What do we do with our mind?
And, how do we relate to all that arises?
When taking our Zazen seat, whether on Zafu and Zabuton or in a chair, we begin by gathering our attention, …
… letting concerns, plans, to-do lists, regrets and expectations be temporarily allowed to rest, bringing attention as fully as possible into right here and now.
Feeling the support of our cushion or chair, connecting us to the support of the earth.
Being aware of our feet, the upright, dignified, though gentle extension of the spine.
The balance of the head on our neck and shoulders, without strain or great effort.
Chin tucked in slightly, tongue resting behind the teeth at the roof of the mouth.
Our face, relaxed, our shoulders dropping.
Eyes partially open with soft downward gaze about three feet in front of our seat.
Our left hand resting upon our right in our lap, thumbs gently touching, as if cradling a precious egg, …
… or, if it is your preferred posture, hands resting on the thighs.
We then recall our intention. Why are we really here? Who will this practice serve?
Perhaps we briefly bring to mind some person or animal whom we know is suffering, picturing them as vividly as possible, …
Extending to them our wish that they be happy, healthy, free of suffering and the causes of suffering, able to live with ease.
And then, broadening this wish to include all beings, throughout all space and time, not excluding our self.
We allow our attention to gently rest in the waves of the breath,
… through the natural, unforced in-breath and through the easy out-breath, …

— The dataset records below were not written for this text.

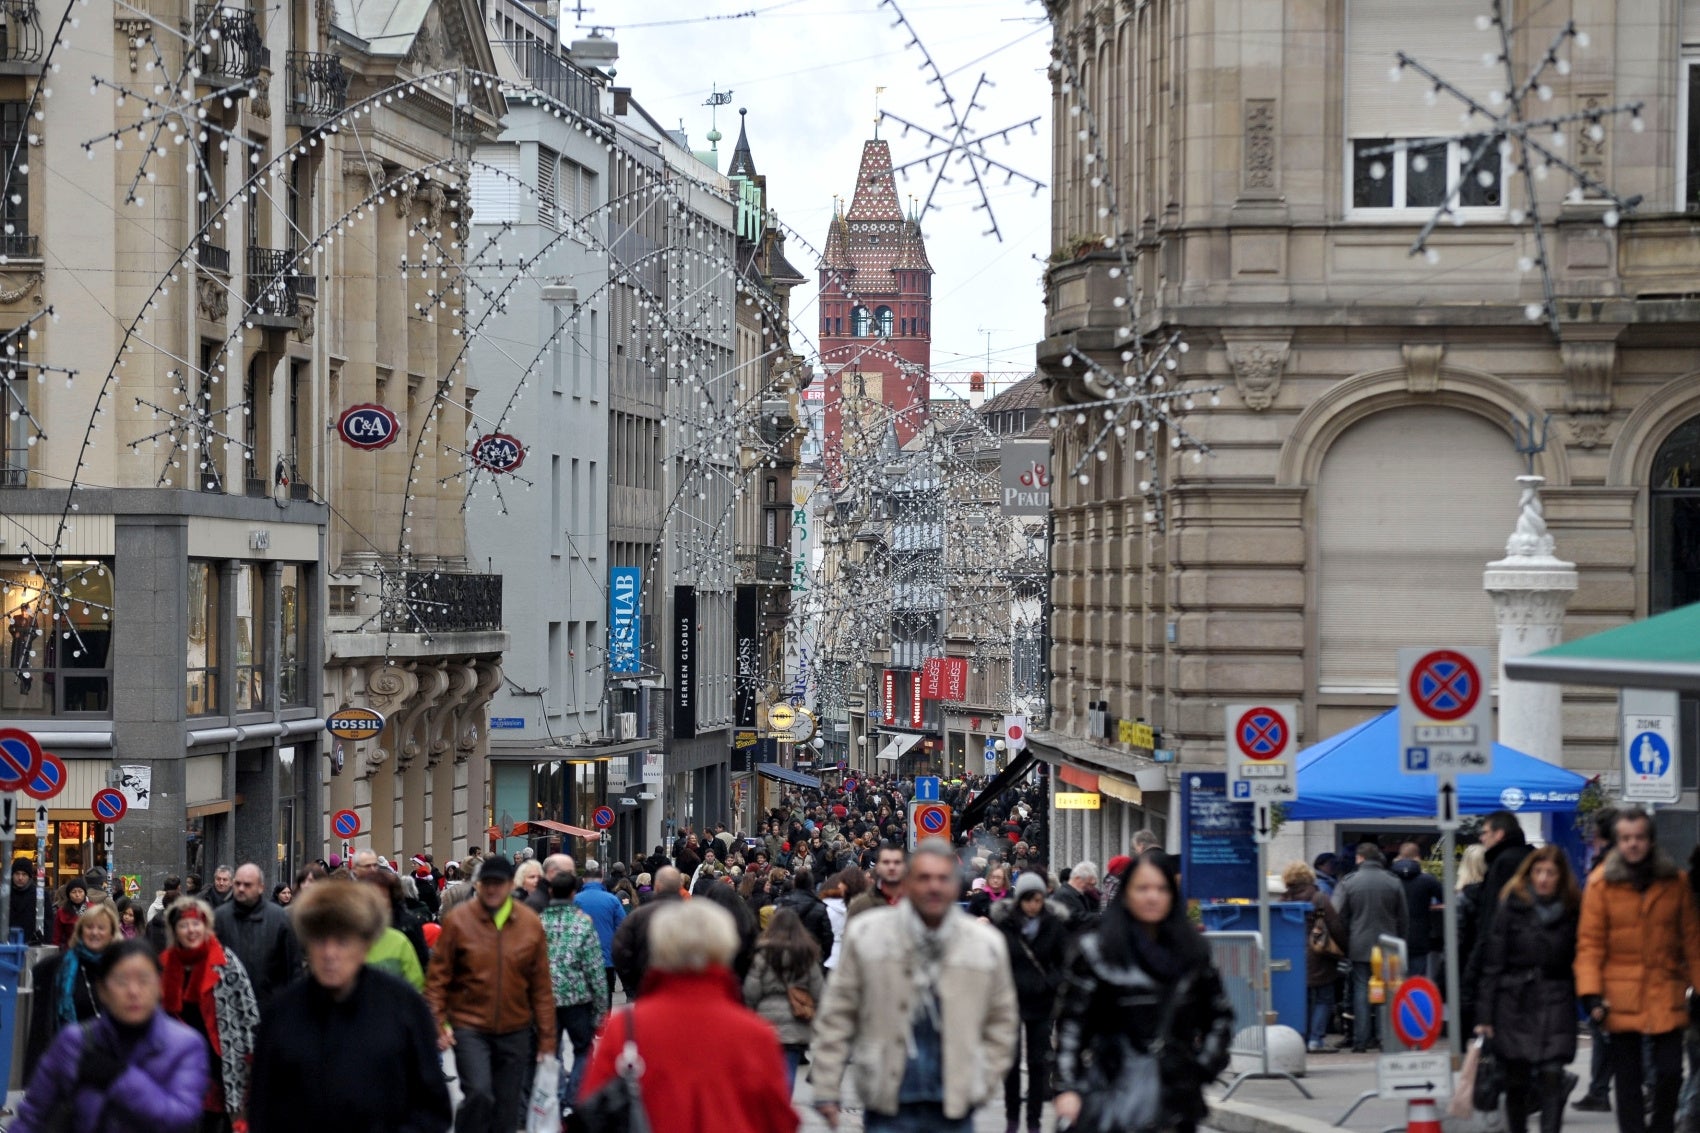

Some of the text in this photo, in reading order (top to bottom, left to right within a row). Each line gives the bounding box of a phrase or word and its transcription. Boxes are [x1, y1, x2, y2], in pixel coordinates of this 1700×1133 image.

[349, 416, 387, 436] C&A
[482, 443, 514, 462] C&A
[793, 510, 808, 591] REX
[681, 617, 689, 707] HERREN GLOBUS
[739, 637, 750, 676] BOSS
[929, 660, 940, 696] ESPRIT
[949, 661, 961, 698] ESPRIT
[331, 719, 378, 729] FOSSIL
[1411, 750, 1426, 768] P
[1236, 783, 1248, 797] P

… allowing attention to remain in the brief gap, noticing anything present in that spacious gap, …
… and then again through the next cycle of in-breath and out-breath.

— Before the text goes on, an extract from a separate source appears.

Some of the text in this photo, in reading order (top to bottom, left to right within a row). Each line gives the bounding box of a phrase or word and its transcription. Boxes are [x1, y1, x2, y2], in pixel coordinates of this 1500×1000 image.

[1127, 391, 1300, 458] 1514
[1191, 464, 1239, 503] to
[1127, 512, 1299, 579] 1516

If mind is particularly busy or drowsy and dispersed, we can count each out-breath, one through ten, then starting over.
And as inevitably will occur, mind becomes lost in memories of the past, imaginings of the future, or some narrative, we simply and gently acknowledge this, …

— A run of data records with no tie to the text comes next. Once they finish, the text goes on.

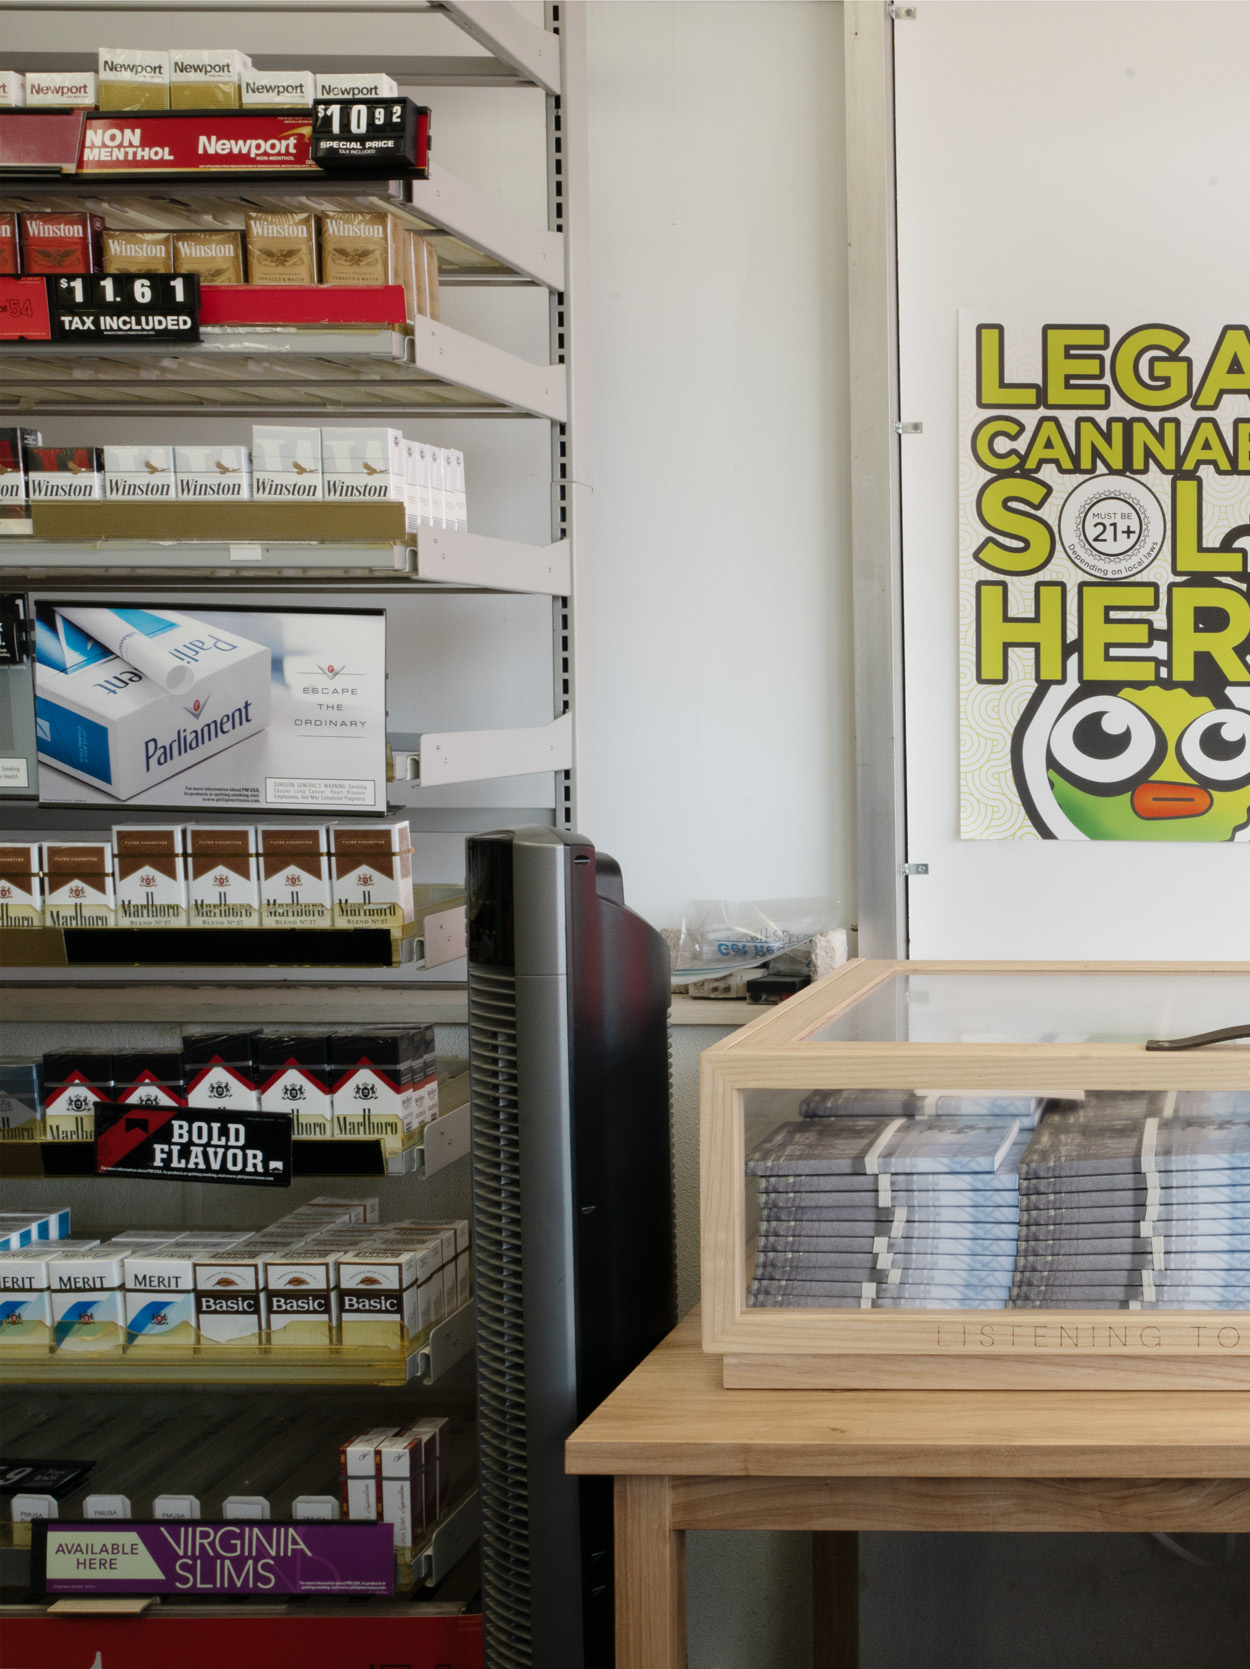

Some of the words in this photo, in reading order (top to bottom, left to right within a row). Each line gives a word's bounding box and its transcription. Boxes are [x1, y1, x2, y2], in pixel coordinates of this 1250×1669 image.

[103, 60, 163, 75] Newport
[174, 61, 231, 76] Newport
[30, 83, 88, 97] Newport
[246, 82, 304, 95] Newport
[321, 84, 379, 98] Newport
[85, 129, 141, 147] NON
[198, 135, 297, 158] Newport
[320, 141, 362, 149] SPECIAL
[365, 140, 394, 148] PRICE
[83, 147, 174, 161] MENTHOL
[26, 220, 84, 238] Winston
[250, 219, 307, 238] Winston
[326, 219, 383, 237] Winston
[108, 239, 166, 257] Winston
[179, 241, 234, 258] Winston
[61, 316, 95, 330] TAX
[100, 316, 192, 330] INCLUDED
[32, 479, 93, 497] Winston
[109, 478, 171, 496] Winston
[179, 478, 242, 496] Winston
[256, 478, 318, 497] Winston
[326, 480, 388, 498] Winston
[1092, 512, 1117, 520] MUST
[1120, 512, 1132, 520] BE
[1092, 522, 1136, 542] 21+
[1068, 543, 1108, 576] Depending
[1125, 558, 1145, 573] local
[1146, 541, 1158, 560] laws
[303, 687, 358, 696] ESCAPE
[317, 703, 344, 711] THE
[294, 719, 368, 728] ORDINARY
[144, 699, 252, 773] Parliament
[121, 892, 180, 918] Marlboro
[194, 891, 252, 918] Marlboro
[266, 891, 324, 918] Marlboro
[50, 903, 108, 927] Marlboro
[336, 1108, 398, 1136] Marlboro
[172, 1120, 245, 1146] BOLD
[153, 1144, 264, 1173] FLAVOR
[59, 1276, 106, 1289] MERIT
[134, 1274, 182, 1289] MERIT
[201, 1297, 254, 1311] Basic
[272, 1297, 325, 1311] Basic
[344, 1296, 398, 1311] Basic
[937, 1325, 1161, 1348] LISTENING
[1190, 1326, 1240, 1348] TO
[55, 1543, 139, 1555] AVAILABLE
[160, 1527, 312, 1557] VIRGINIA
[76, 1558, 118, 1570] HERE
[175, 1559, 275, 1589] SLIMS

… and without self-judgement, bring attention back to the breath, each time beginning again …
… knowing that each time we become aware of mind being somewhere other than here and now, …
… this is the real gold of practice, the moment of waking up to the present.
Perhaps, if we have been practicing Zazen for a long time, resting attention in the breath may feel less necessary for attention to remain stable and present.
And, we may find our attention spontaneously broadening, resting in the wide field of awareness itself, …
… noticing whatever arises in the mental continuum, in this moment.
This is shikantaza, or just! sitting, in open awareness.
But we cannot force shikantaza to occur.
Like awakening itself, shikantaza is a kind of accident occurring when the body-mind is ready.
However, we can practice the stabilization and pliancy of attention in the breath, thereby becoming more accident-prone.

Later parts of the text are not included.